Why LLMs Hallucinate on Structured Knowledge: A Mechanistic Analysis of Reasoning over Linearized Representations
Researchers have identified the mechanistic causes of hallucinations in large language models when reasoning over structured knowledge like graphs and tables. The study reveals that hallucinations stem from systematic failures in attention allocation and semantic grounding in feed-forward layers, rather than random errors, with findings applicable across multiple structured knowledge formats.
This mechanistic analysis addresses a fundamental limitation of large language models that has significant implications for AI reliability and deployment. When LLMs process structured knowledge converted into sequential tokens, they frequently generate false or unsupported outputs despite having access to correct information. The research moves beyond surface-level observations to identify the precise internal dynamics responsible for these failures.
The findings highlight two critical failure modes in LLM architectures. Attention mechanisms disproportionately focus on superficial structural cues rather than distributing across the full knowledge context, creating shortcut dependencies. Simultaneously, feed-forward networks fail to properly ground external knowledge, causing models to default to their parametric memory—essentially reverting to learned patterns rather than reasoning from provided facts. This explains why even well-structured information fails to prevent hallucinations.
These insights carry substantial implications for developers building AI systems that rely on external knowledge integration. Current approaches to knowledge incorporation may be fundamentally limited by architectural constraints rather than dataset quality or fine-tuning strategies. The research demonstrates that hallucination patterns generalize consistently across different structured formats—graphs, tables, and multi-hop reasoning tasks—suggesting these are architectural rather than task-specific issues.
For practitioners, this work provides a roadmap for potential improvements. Understanding that semantic grounding in feed-forward layers is the primary failure point suggests targeted architectural modifications could improve reliability. The ability to detect hallucinations based on mechanistic patterns opens possibilities for reliability verification without ground truth. Future work should focus on architectural redesigns that strengthen feed-forward grounding and improve attention distribution mechanisms to handle full knowledge contexts effectively.

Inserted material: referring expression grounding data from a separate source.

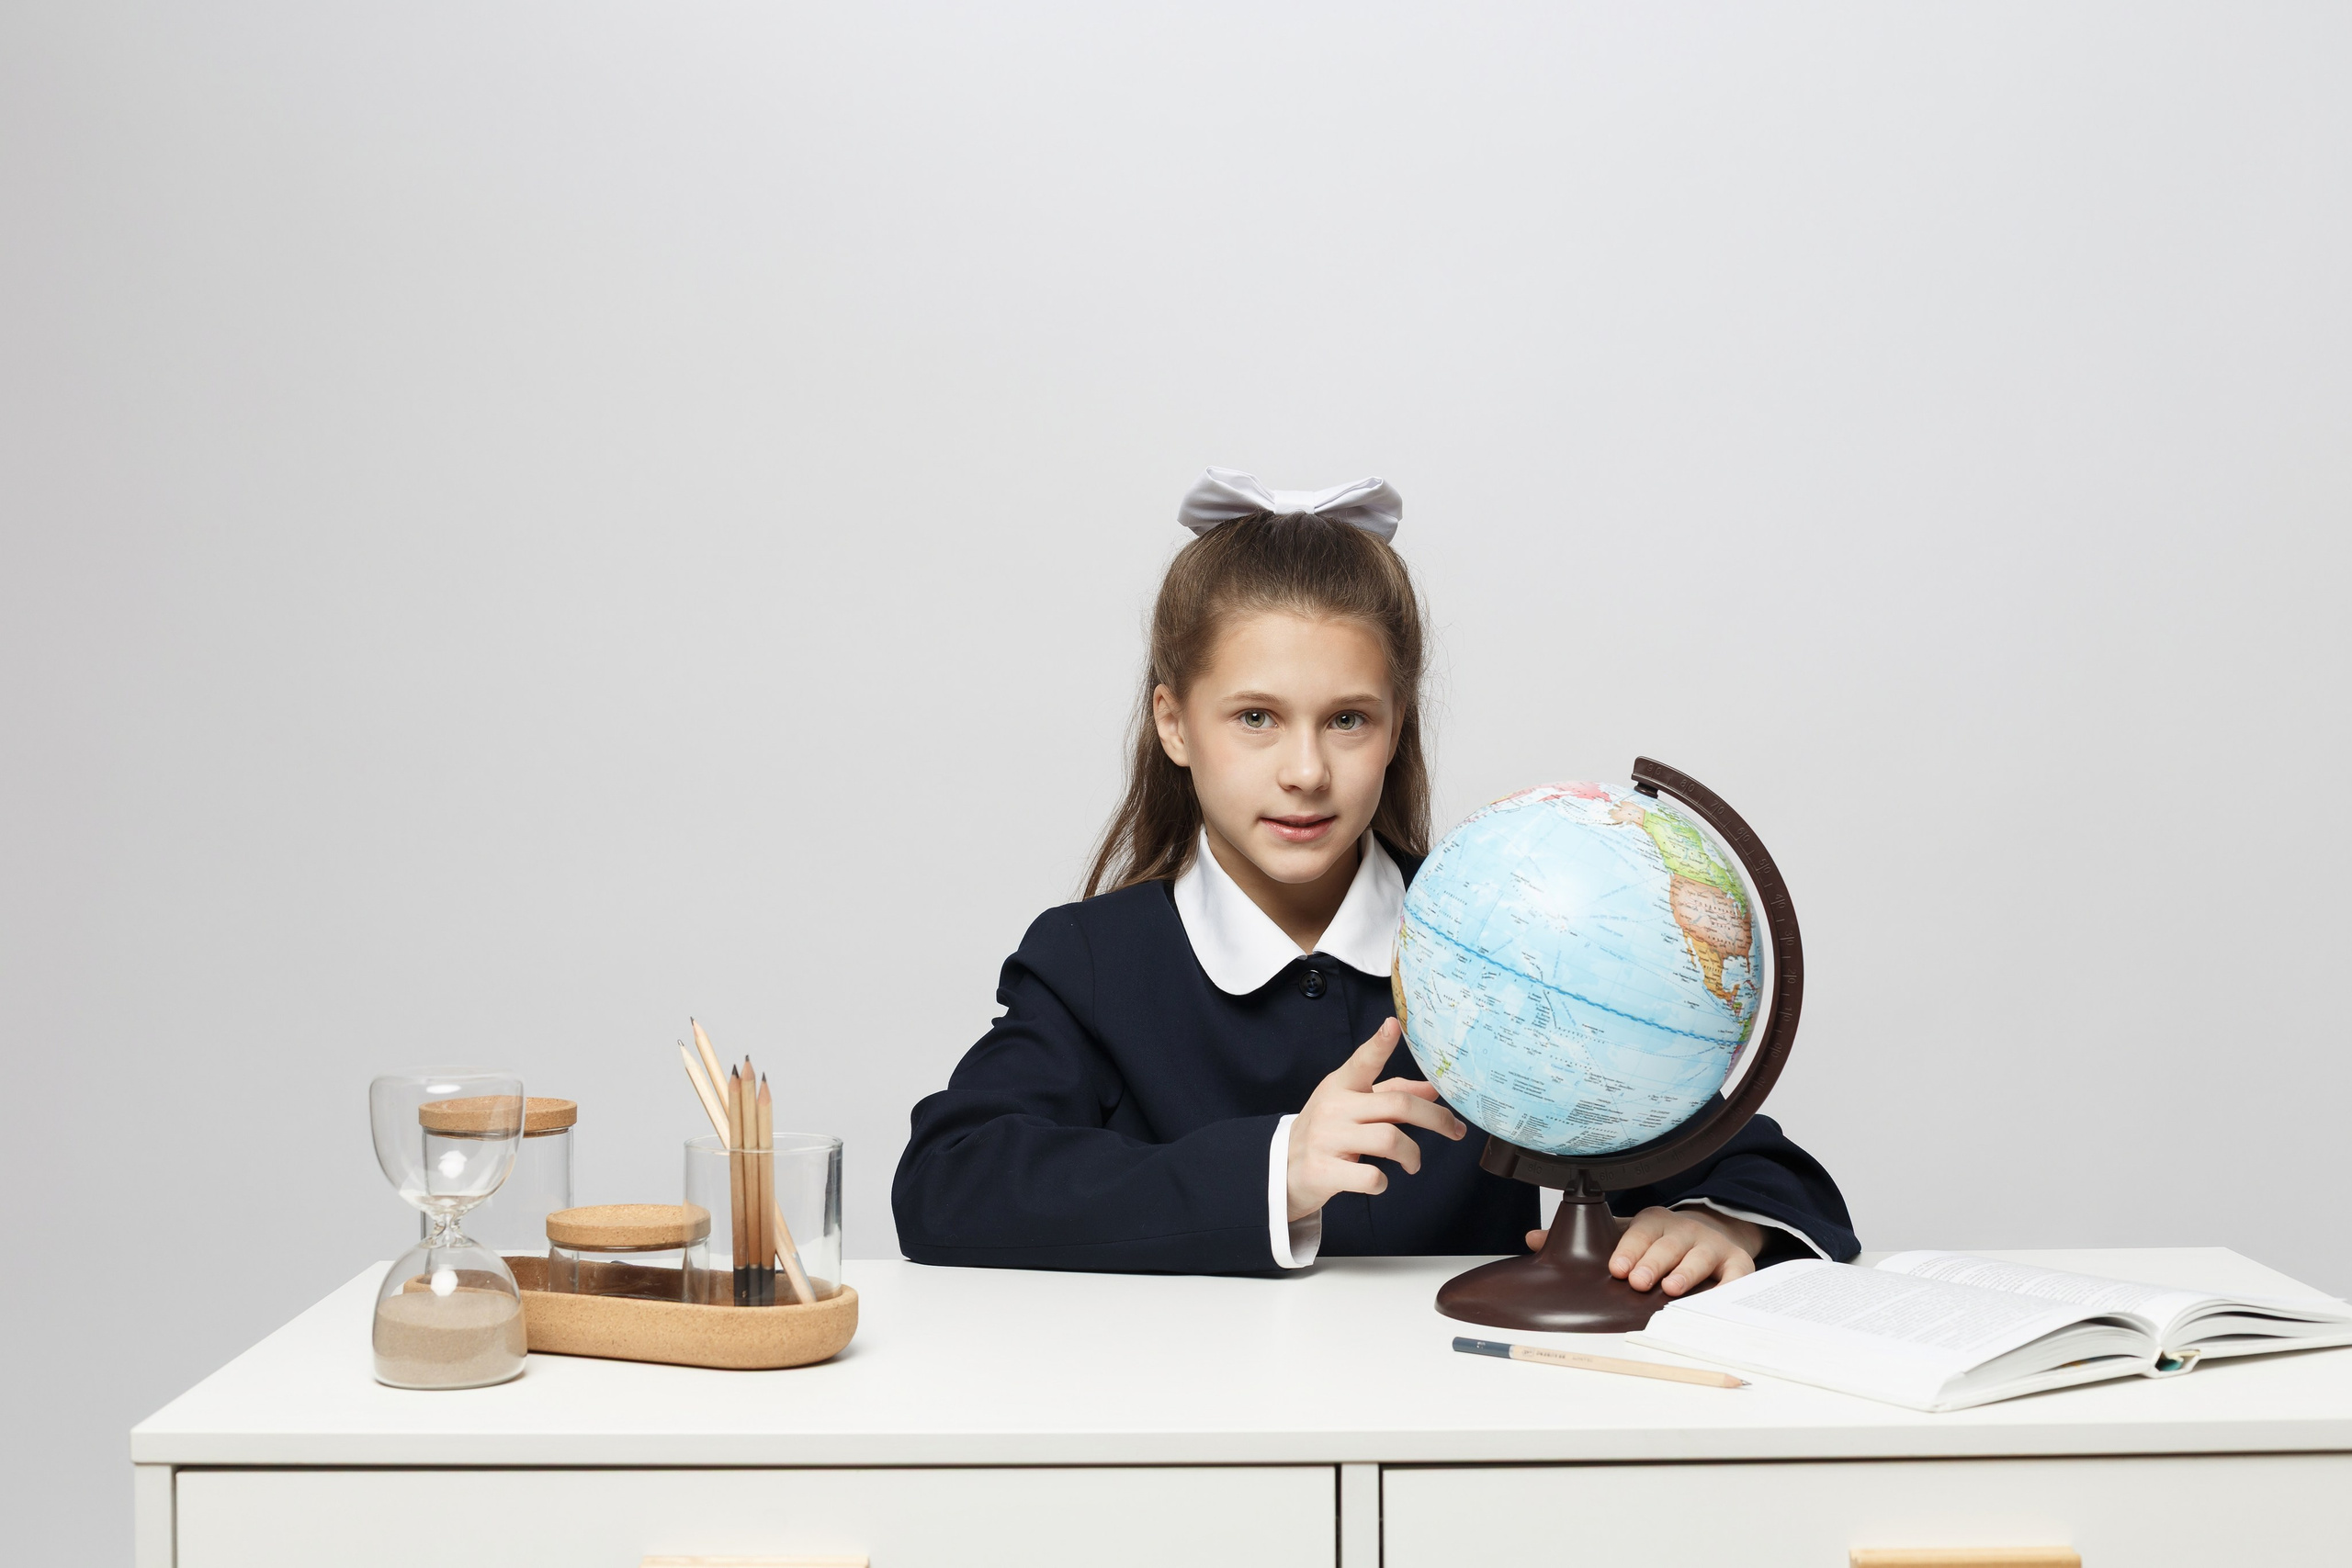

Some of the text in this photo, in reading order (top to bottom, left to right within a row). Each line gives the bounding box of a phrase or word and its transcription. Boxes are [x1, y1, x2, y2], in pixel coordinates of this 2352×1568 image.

[1646, 763, 1662, 775] 90
[1679, 779, 1695, 792] 80
[1710, 799, 1724, 815] 70
[1736, 827, 1750, 842] 60
[1758, 858, 1771, 874] 50
[1775, 894, 1787, 908] 40
[1784, 930, 1794, 946] 30
[1787, 968, 1797, 984] 20
[1782, 1007, 1793, 1021] 10
[1600, 1171, 1614, 1181] 60
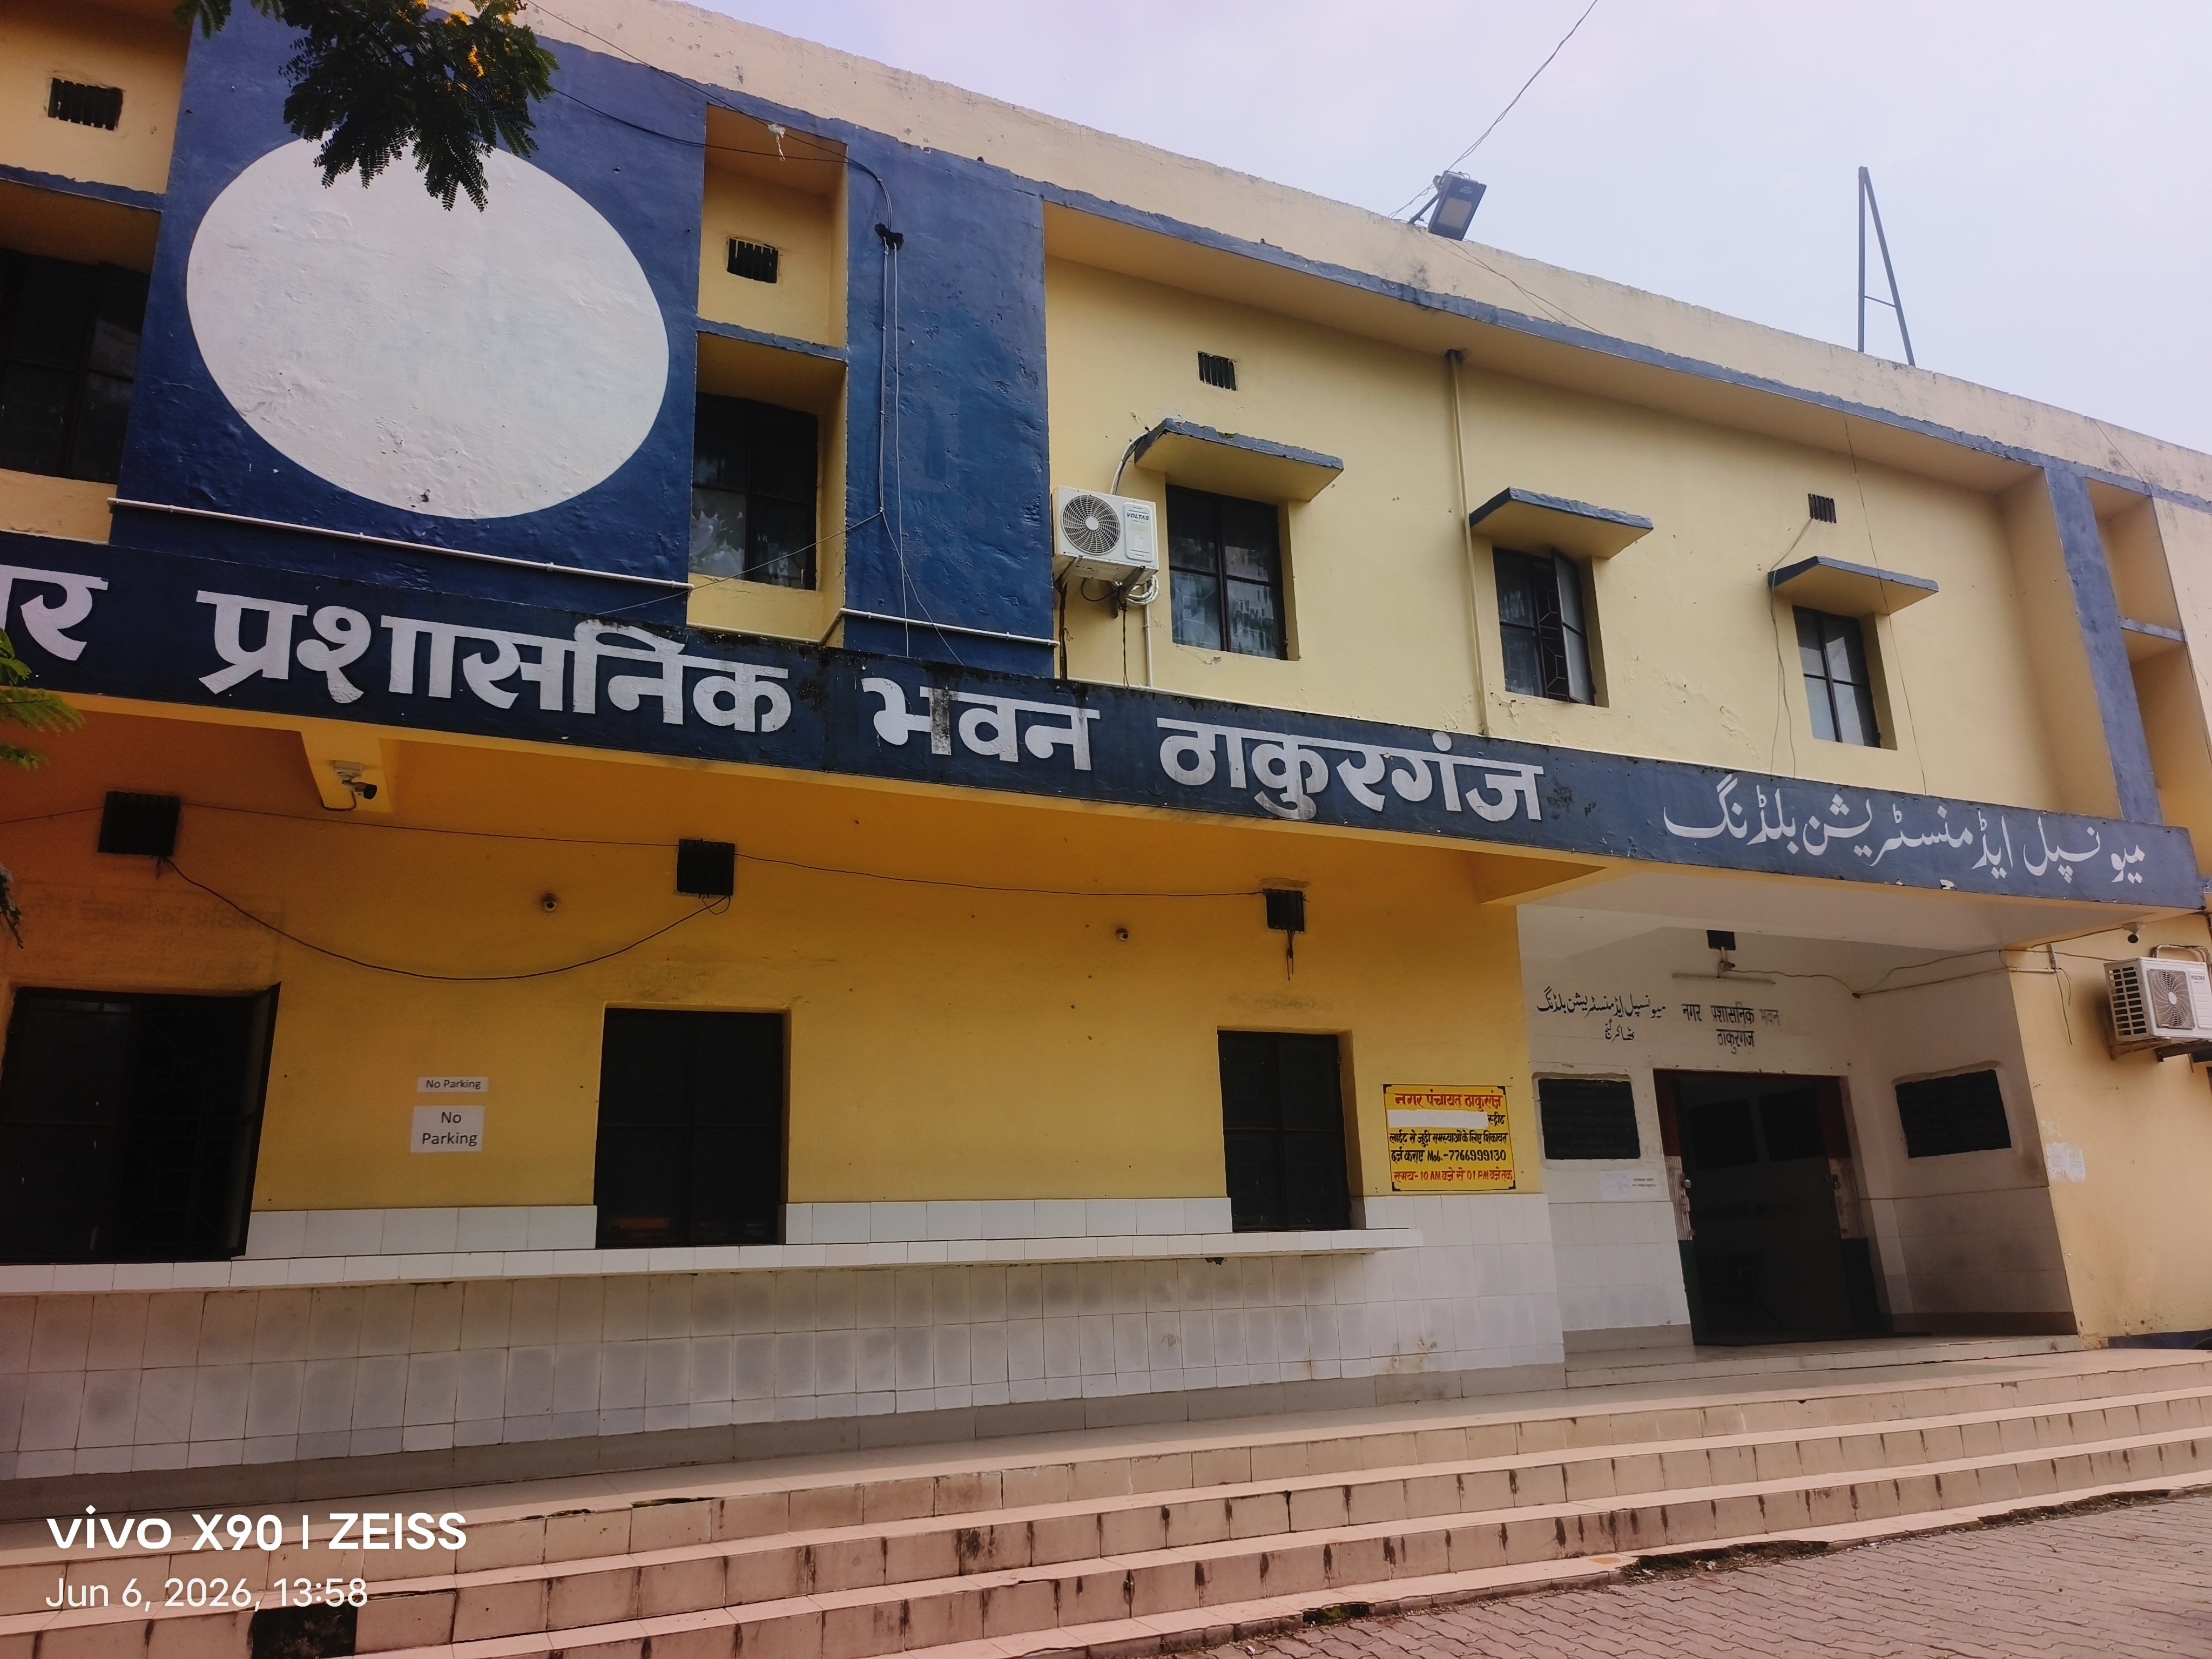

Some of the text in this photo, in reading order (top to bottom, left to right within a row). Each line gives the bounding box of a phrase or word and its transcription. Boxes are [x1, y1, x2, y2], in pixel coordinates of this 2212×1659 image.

[1127, 512, 1149, 521] VOLTAS
[196, 589, 791, 732] प्रशासनिक
[862, 677, 1100, 771] भवन
[1157, 717, 1543, 821] ठाकुरगंज
[1682, 1003, 1702, 1022] नगर
[426, 1080, 481, 1090] No Parking
[1394, 1089, 1503, 1112] नगर पंचायत ठाकुरगंज
[441, 1111, 462, 1124] No
[422, 1132, 478, 1147] Parking
[1409, 1129, 1417, 1144] से
[1468, 1129, 1483, 1144] लिए
[1483, 1129, 1508, 1145] शिकायत
[1420, 1171, 1429, 1181] 10
[1467, 1170, 1475, 1180] 01

- →LLM hallucinations on structured knowledge result from systematic attention failures and weak semantic grounding in feed-forward layers, not random errors.
- →Attention mechanisms create shortcuts by concentrating on structural cues rather than distributing across full knowledge context.
- →Feed-forward layers fail to ground external knowledge, causing models to rely on parametric memory instead of provided facts.
- →Hallucination patterns generalize across graphs, tables, and multi-hop reasoning tasks, indicating architectural rather than task-specific limitations.
- →Mechanistic understanding enables hallucination detection without ground truth labels across different structured knowledge formats.